▶ [MATERIAL FOR THIS EXERCISE]:
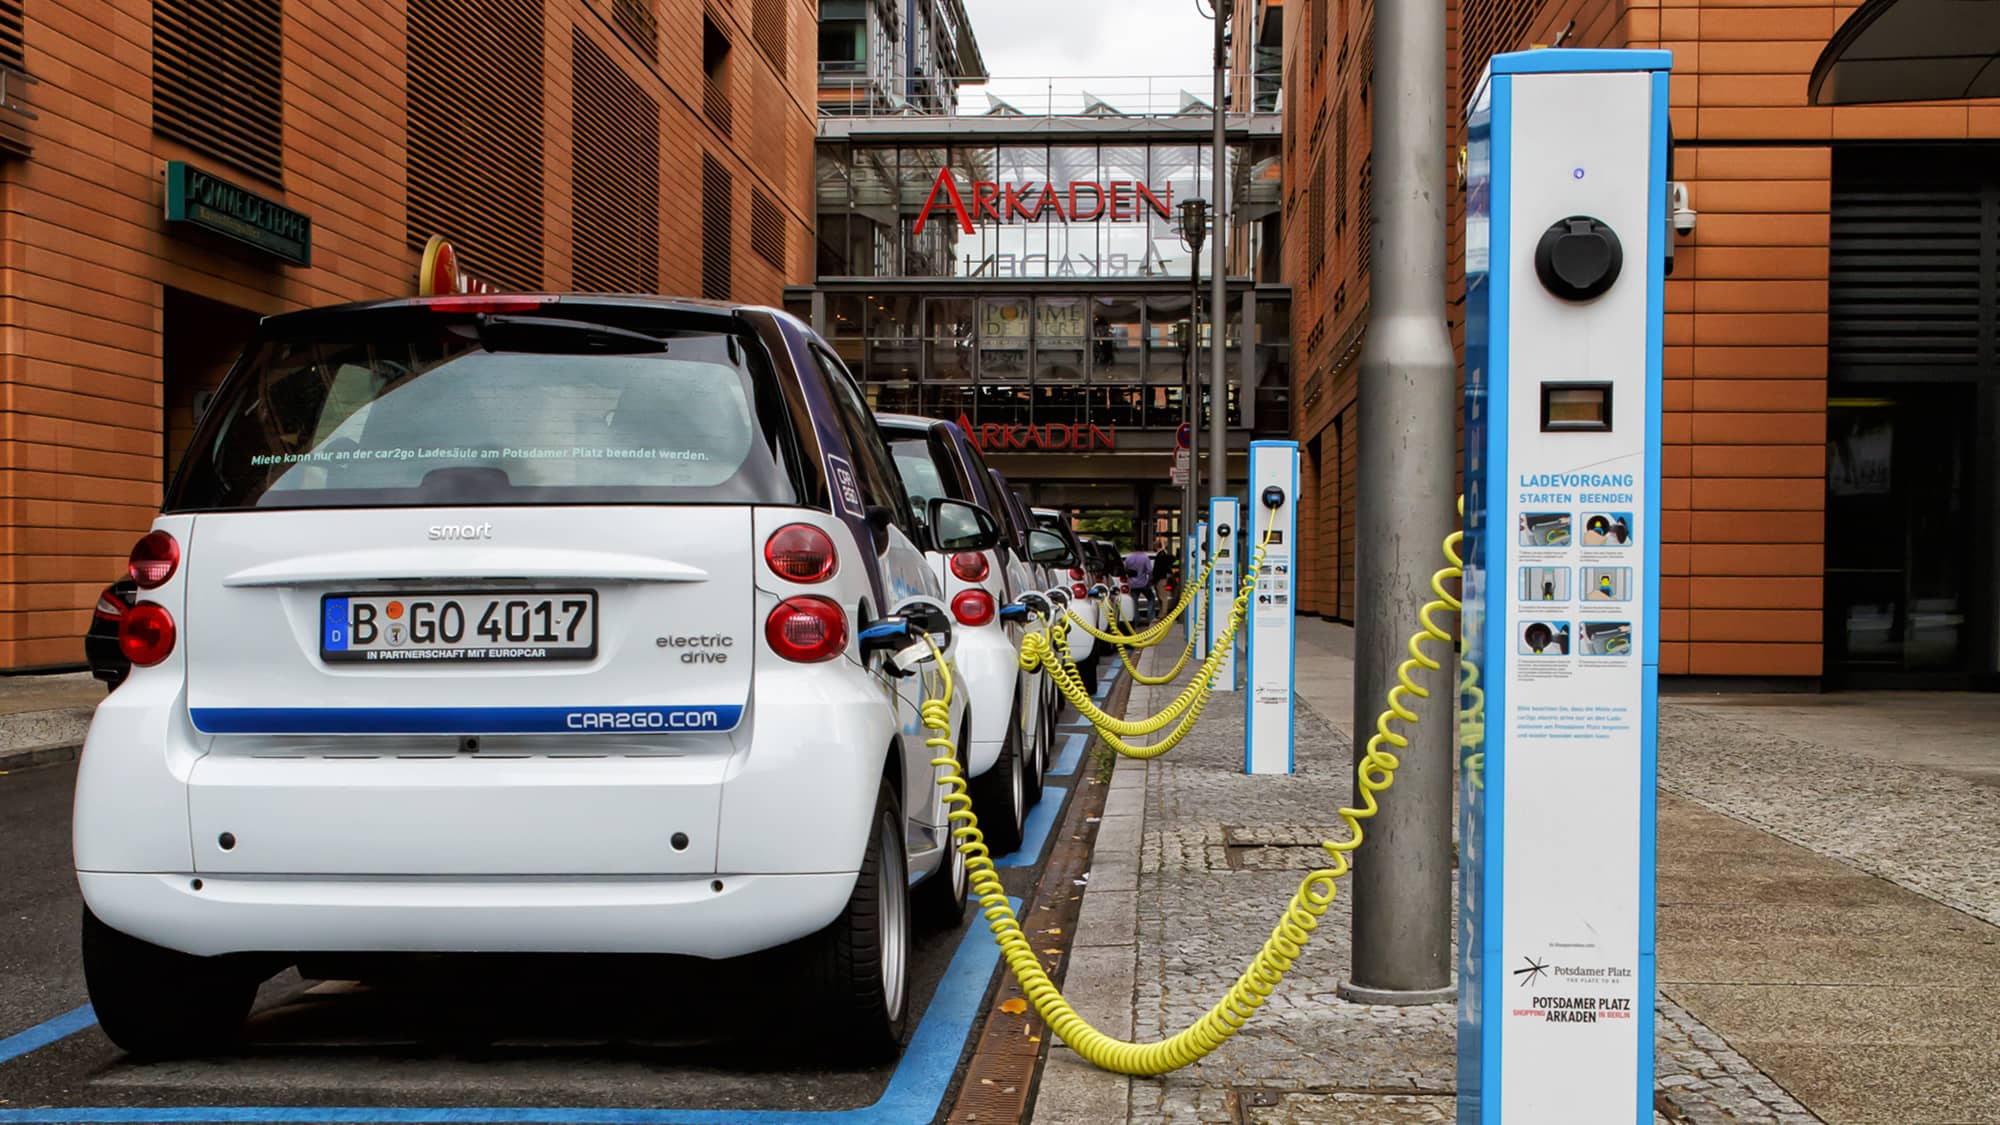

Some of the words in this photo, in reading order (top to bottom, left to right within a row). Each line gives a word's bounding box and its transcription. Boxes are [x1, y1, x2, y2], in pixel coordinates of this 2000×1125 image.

[913, 166, 1172, 235] ARKADEN
[956, 413, 1115, 457] ARKADEN
[251, 455, 281, 466] Miete
[283, 453, 310, 463] kann
[314, 451, 332, 461] nur
[335, 450, 350, 460] an
[353, 448, 371, 460] der
[375, 448, 415, 461] car2go
[418, 448, 478, 458] Ladesäule
[480, 449, 499, 459] am
[502, 448, 568, 459] Potsdamer
[572, 447, 602, 459] Platz
[606, 448, 656, 459] beendet
[659, 450, 710, 461] werden.
[1520, 474, 1633, 487] LADEVORGANG
[1520, 493, 1572, 503] STARTEN
[1580, 493, 1633, 503] BEENDEN
[428, 521, 493, 540] smart
[353, 603, 378, 644] B
[410, 601, 465, 644] GO
[477, 600, 588, 643] 4017
[331, 630, 341, 642] D
[656, 634, 733, 648] electric
[367, 649, 377, 660] IN
[379, 649, 464, 660] PARTNERSCHAFT
[467, 648, 485, 659] MIT
[488, 648, 546, 659] EUROPCAR
[680, 651, 728, 664] drive
[567, 711, 717, 728] CAR2GO.COM
[1554, 966, 1605, 977] Potsdamer
[1607, 966, 1631, 977] Platz
[1532, 996, 1596, 1009] POTSDAMER
[1598, 998, 1631, 1010] PLATZ
[1546, 1010, 1597, 1023] ARKADEN

▶ [DESCRIPTION OF THE TASK]:
Reproduce every entry above in full and exactly, though not its pictures.

▶ [REPLY TO THE EXERCISE]:
Some of the words in this photo, in reading order (top to bottom, left to right within a row). Each line gives a word's bounding box and its transcription. Boxes are [x1, y1, x2, y2], in pixel coordinates of this 2000×1125 image.

[913, 166, 1172, 235] ARKADEN
[956, 413, 1115, 457] ARKADEN
[251, 455, 281, 466] Miete
[283, 453, 310, 463] kann
[314, 451, 332, 461] nur
[335, 450, 350, 460] an
[353, 448, 371, 460] der
[375, 448, 415, 461] car2go
[418, 448, 478, 458] Ladesäule
[480, 449, 499, 459] am
[502, 448, 568, 459] Potsdamer
[572, 447, 602, 459] Platz
[606, 448, 656, 459] beendet
[659, 450, 710, 461] werden.
[1520, 474, 1633, 487] LADEVORGANG
[1520, 493, 1572, 503] STARTEN
[1580, 493, 1633, 503] BEENDEN
[428, 521, 493, 540] smart
[353, 603, 378, 644] B
[410, 601, 465, 644] GO
[477, 600, 588, 643] 4017
[331, 630, 341, 642] D
[656, 634, 733, 648] electric
[367, 649, 377, 660] IN
[379, 649, 464, 660] PARTNERSCHAFT
[467, 648, 485, 659] MIT
[488, 648, 546, 659] EUROPCAR
[680, 651, 728, 664] drive
[567, 711, 717, 728] CAR2GO.COM
[1554, 966, 1605, 977] Potsdamer
[1607, 966, 1631, 977] Platz
[1532, 996, 1596, 1009] POTSDAMER
[1598, 998, 1631, 1010] PLATZ
[1546, 1010, 1597, 1023] ARKADEN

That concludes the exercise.